If you work sitting, try to get up at least once every hour for a short 10-minute walk. Other great ideas:
- Park your car in the most distant places to the place where you are going
- Use the stairs instead of elevators
- Go walking to make small purchases or just go for a walk instead of sitting down to watch TV.
5. Increase your muscle mass:
Heart health is fine, but if you really want your metabolism to burn calories like fire, strength training should become your best friend. We often overlook them (especially women), but strength training is the best way to increase lean muscle mass.
Many women make an excuse that they do not want to increase their volume, when, in fact, they can be calm because most simply do not have the level of testosterone needed to do it with that ease they think. In contrast, bodybuilding exercises increase endurance and toning.
As you build muscle, your body has to work hard to maintain this new muscle tissue. This increases the number of calories you burn, even when you are at rest. The good news is that you do not need to train muscle training seven days a week.
Just two days a week, they will be enough to help you maintain muscle mass. So give the iron a little cane! The machinery we have in our clubs is designed and manufactured to ensure maximum performance in your training, with greater safety and efficiency.
When you take the taste, try free weight exercises! There are millions of possible combinations. Consult your trainer!
6. Do not walk alone:
We, humans, are social beings and we tend to surround ourselves with equals with similar tastes and values. It is important to surround yourself with people who can be there to encourage you, motivate you and support you in your bet for a healthy life. In our clubs, you will never walk alone, as the song says.
You can also take the hard option, which is to try to change the lives of people who maintain not-so-healthy habits. The road will be much harder but the reward, when you look back together, will be wonderful.

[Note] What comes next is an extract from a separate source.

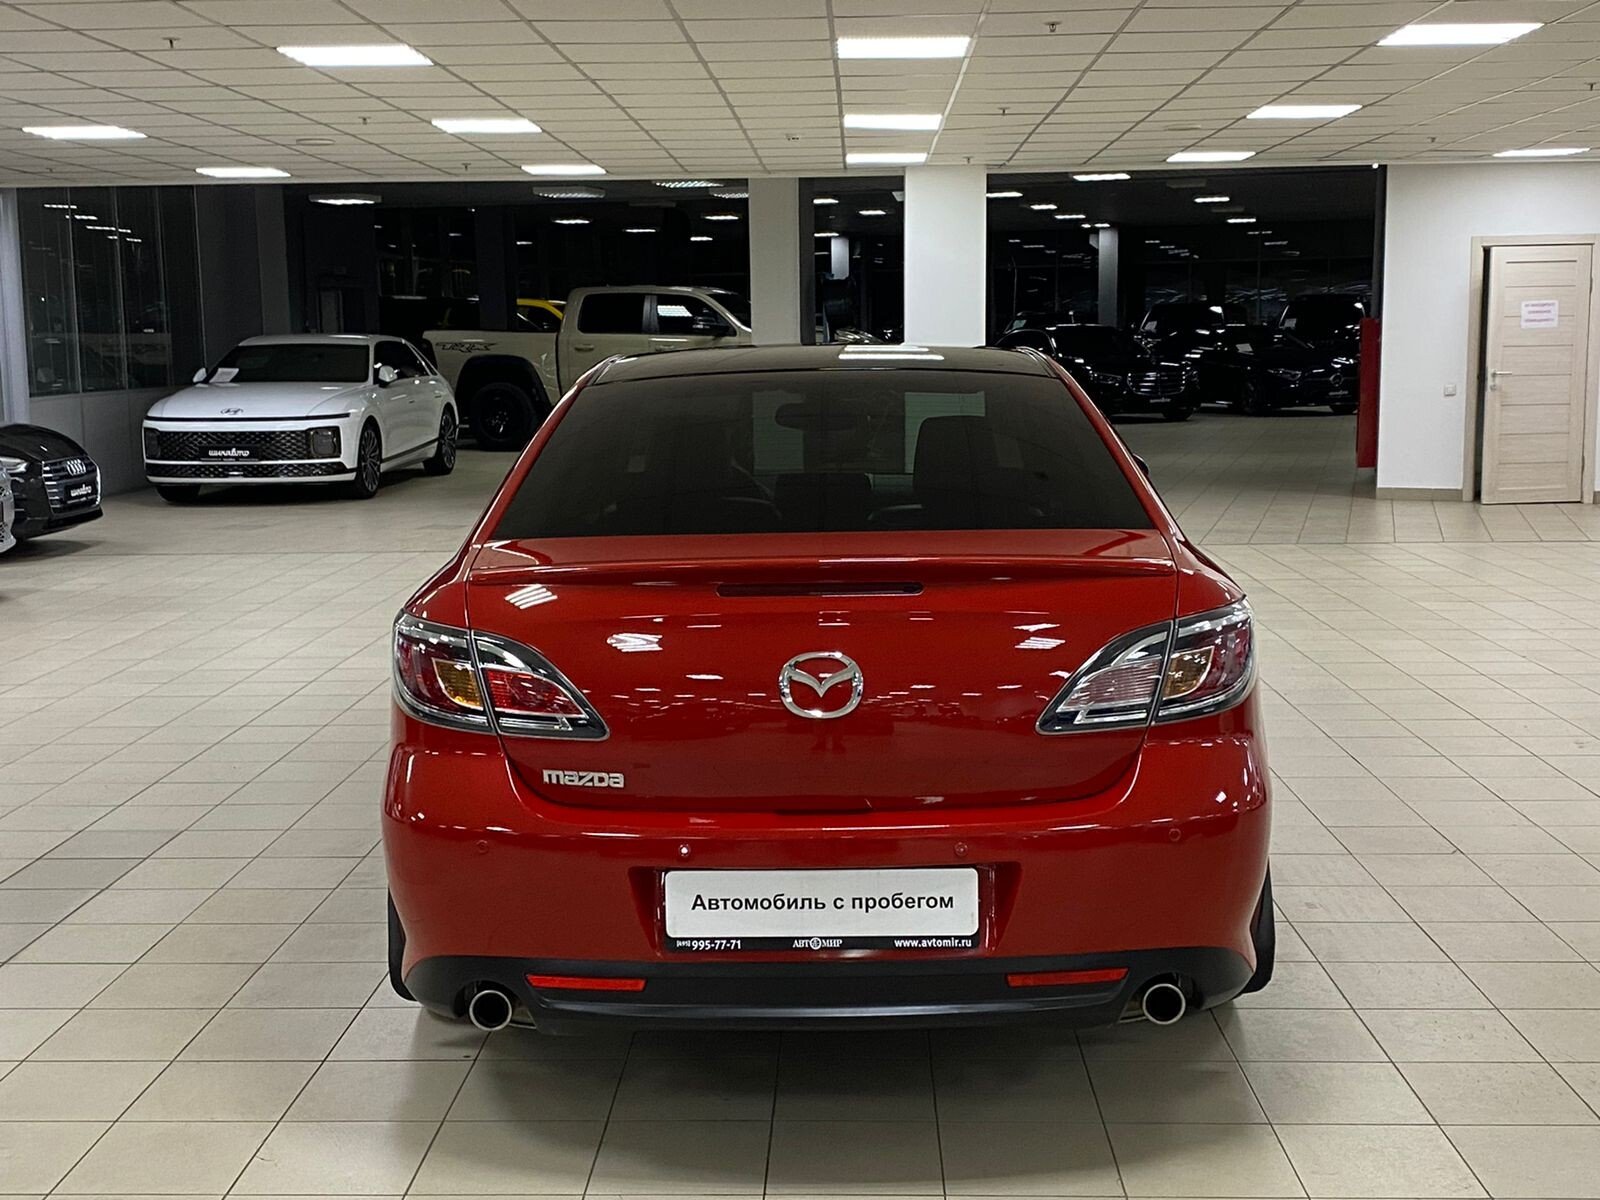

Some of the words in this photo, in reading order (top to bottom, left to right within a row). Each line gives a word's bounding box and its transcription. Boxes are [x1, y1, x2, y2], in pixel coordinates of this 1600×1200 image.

7. Cheat … once in a while:
I like to think that I am realistic in regards to weight loss, diet, and exercise. Why the hell have to give up forever a delicious ice cream? We tend to be quite given to the “all or nothing” and, as you know, in the balance is a virtue. You know what I mean, right? Those chocolate cookies that you ate after training, those croquettes that you like so much “and total, for one day nothing happens”
Well, that, for a day, nothing happens unless later you come to burn with your training more calories they have ingested. Obsess, neither in one way nor in another. I’m not worth a “total, because I miss the diet” and eat two kilos of sweets and chips, nor do you need to be martyred and fatigues for having eaten an ice cream because your body asked for it.
Should you eat what you want, when you want and how much you want? No. Should you beat your desire to get fed on sweets once in a while? Yes. Should you feel guilty about that? Of course not. Life is more than obsessing with every calorie that enters your body every minute. A balanced diet leads to a balanced life and that is a philosophy, not a fad or the effort of a moment.